The best managers are the ones who know they don't know how to do your job so they get out of your way. The worst are those who don't know how to do your job and get in the way. Those who know how to do your job at least don't get in the way when they help.
Hm, not sure. My first boss 'managed' by assigning tasks to people and recording start/finish date in an Excel sheet. Multiple week projects were the same as one-day fixes of they made it on to the sheet. I was 'managed' by having my task completion times compared to 15yr developers, and given no feedback other than to work faster.
We also had a lot of slowdown because we were stuck on a shitty off-the-shelf program he bought. He went for this one instead of the more usable competitor because it was cheaper. If he could get developers to build a working tool in the cheap product by holding them 'accountable' in his Excel sheet, he could push for the product to replace the more expensive competitor and gain some reputation in the corporation.
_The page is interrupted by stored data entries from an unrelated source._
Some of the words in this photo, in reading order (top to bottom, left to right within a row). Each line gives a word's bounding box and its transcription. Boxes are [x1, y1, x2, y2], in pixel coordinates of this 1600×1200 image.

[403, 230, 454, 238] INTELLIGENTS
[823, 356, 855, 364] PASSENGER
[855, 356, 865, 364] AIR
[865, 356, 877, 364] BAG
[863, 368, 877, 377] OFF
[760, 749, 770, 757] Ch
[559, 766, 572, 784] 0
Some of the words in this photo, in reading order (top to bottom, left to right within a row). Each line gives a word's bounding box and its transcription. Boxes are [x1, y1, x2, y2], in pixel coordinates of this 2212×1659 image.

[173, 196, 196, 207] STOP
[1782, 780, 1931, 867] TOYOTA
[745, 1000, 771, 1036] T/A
In the end, most of the project was a horrific failure. His best employees left, and control of the project was transferred to another manager inside of a year or two.
I think a lot of this could have been avoided if my boss had any idea about what he was managing.
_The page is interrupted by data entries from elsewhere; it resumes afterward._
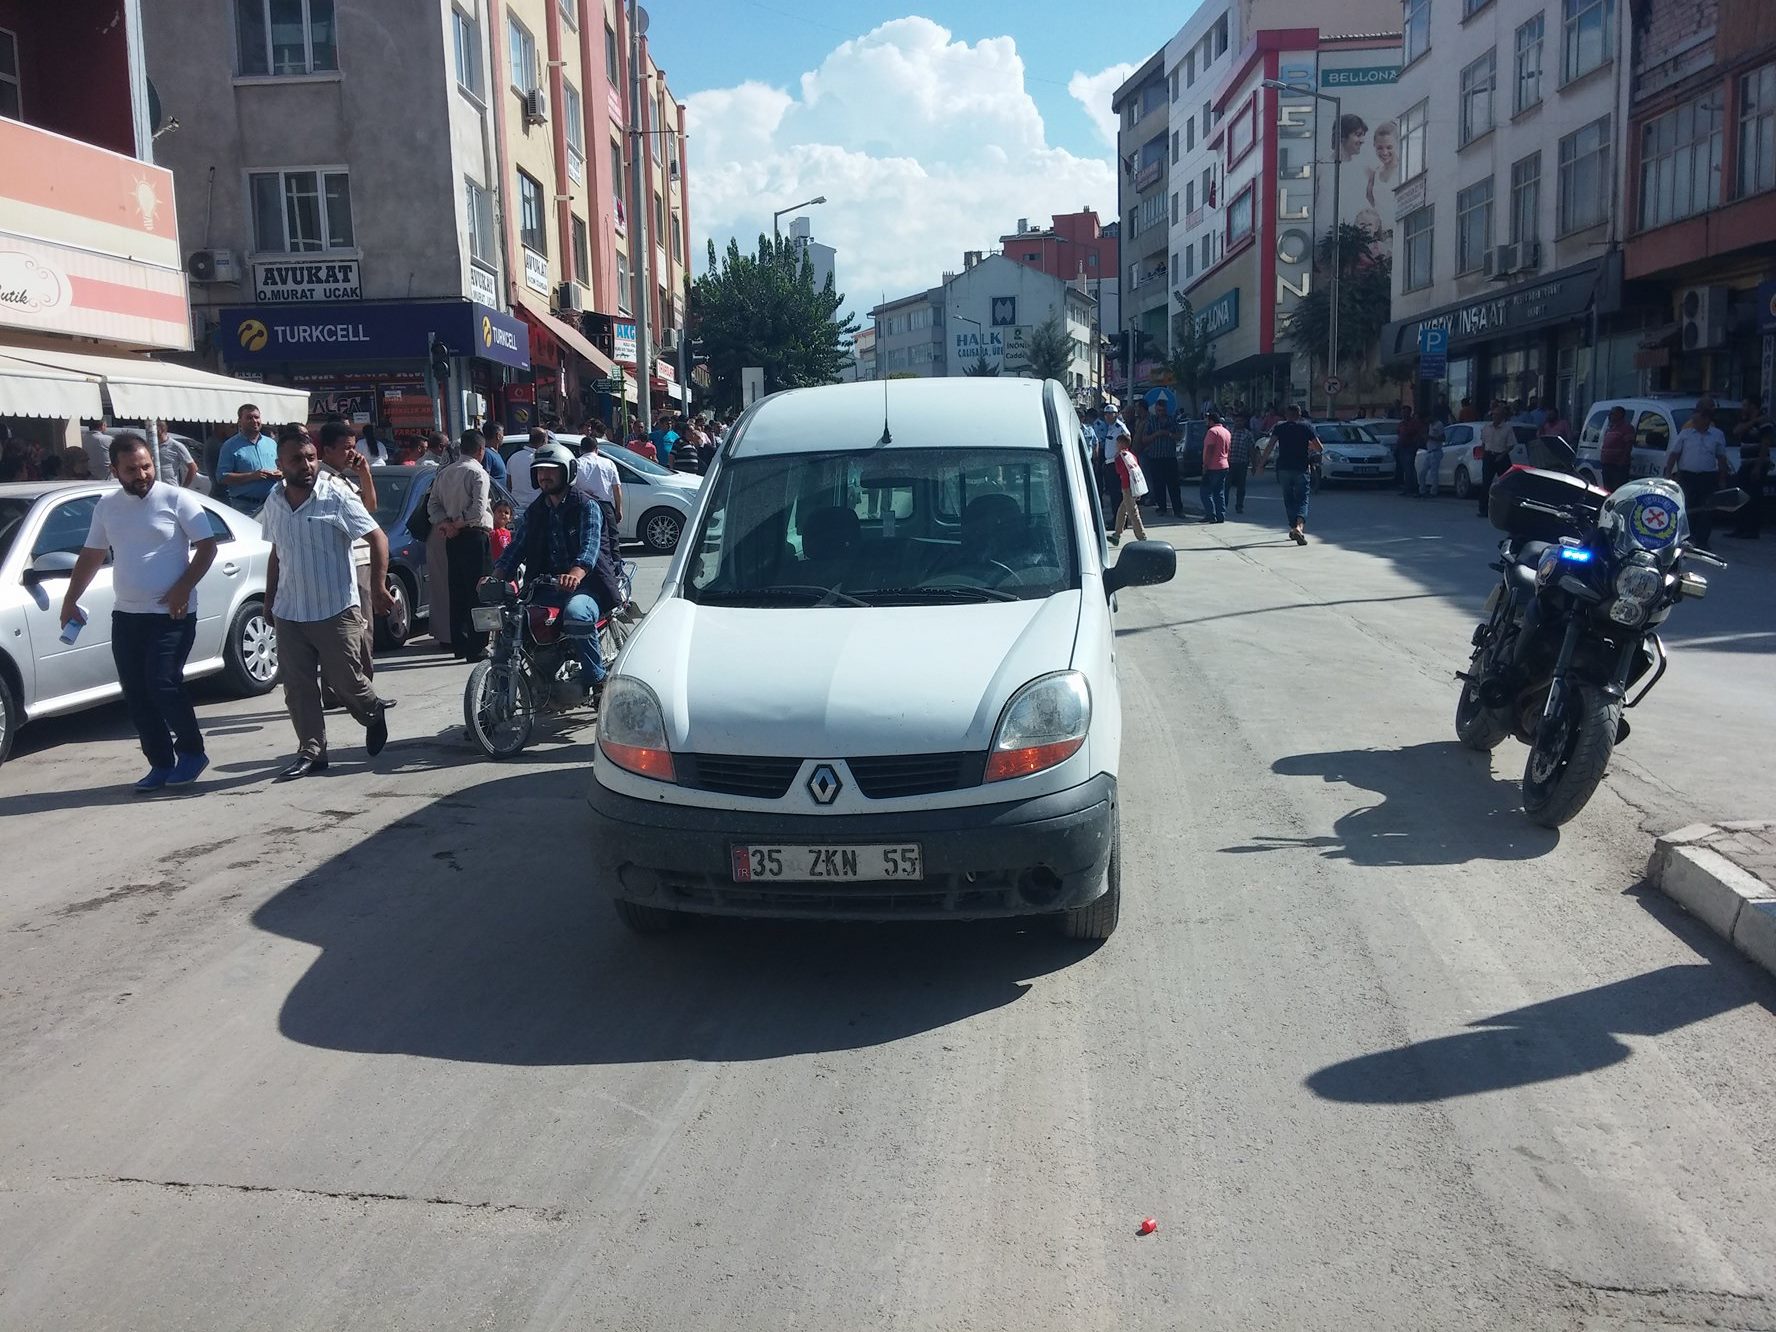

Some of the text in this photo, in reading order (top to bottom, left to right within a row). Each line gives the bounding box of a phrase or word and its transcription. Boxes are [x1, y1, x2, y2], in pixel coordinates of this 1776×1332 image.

[1329, 70, 1398, 83] BELLONA
[262, 264, 352, 286] AVUKAT
[0, 284, 29, 305] utik
[257, 288, 315, 301] O.MURAT
[273, 323, 370, 344] TURKCELL
[492, 326, 518, 351] TURKCELL
[956, 332, 1002, 347] HALK
[1426, 332, 1442, 352] P
[751, 848, 917, 877] 35 ZKN 55
It doesn't matter. What matters is success. A good developer will be more successful in the marginal projects, and cheaper in the very worthwhile projects, but that is just a matter of dollars on the bottom line. The best developer in the world cannot save a stupid idea. The worst developers just ups how insanely profitable, and how long he need to wait a project must be before it is successful.
The above assumes a single developer. If you have a team of developers it quickly becomes obvious. In fact a boss who knows nothing about programming is probably better able to judge if someone is doing a poor job in these cases: those who know the new guy see him trying to get up to speed, while the boss sees a bigger picture by comparing to others. (a good developer will be making useful contributions on the second day, while a bad one will flounder for a couple weeks before the others will give up on teaching him the project)
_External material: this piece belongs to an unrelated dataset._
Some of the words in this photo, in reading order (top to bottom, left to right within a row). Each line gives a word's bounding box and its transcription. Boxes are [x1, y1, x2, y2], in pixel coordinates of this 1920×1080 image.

>If you have a team of developers it quickly becomes obvious. In fact a boss who knows nothing about programming is probably better able to judge if someone is doing a poor job in these cases
I've been on such teams and that isn't what happens. This is:
* Team mates do not like badmouthing their coworkers unless they do not like them. Hence, if a coworker complains about another coworkers' performance its as likely to be due to a personal problem as it is performance. Most coworkers also won't know each others' wages so they are in an even poorer position to judge relative performance.
* Managers without technical chops are incapable of distinguishing hard tasks from tasks that are being done badly or easy tasks and tasks that are being done well. They are incapable of distinguishing quality engineering from hackjobs that will blow up in 6 months. They will either default to just assuming every developer is more or less equally productive or use terrible proxies for productivity (like how late each developer stays at work or their scrum 'velocity').
* Good performers who do not have their achievements recognized will leave for better paid positions, leaving mediocre and poor developers. The quality of the product takes a dive. Profitability may also take a dive as a result if the industry is competitive and the quality of the software matters.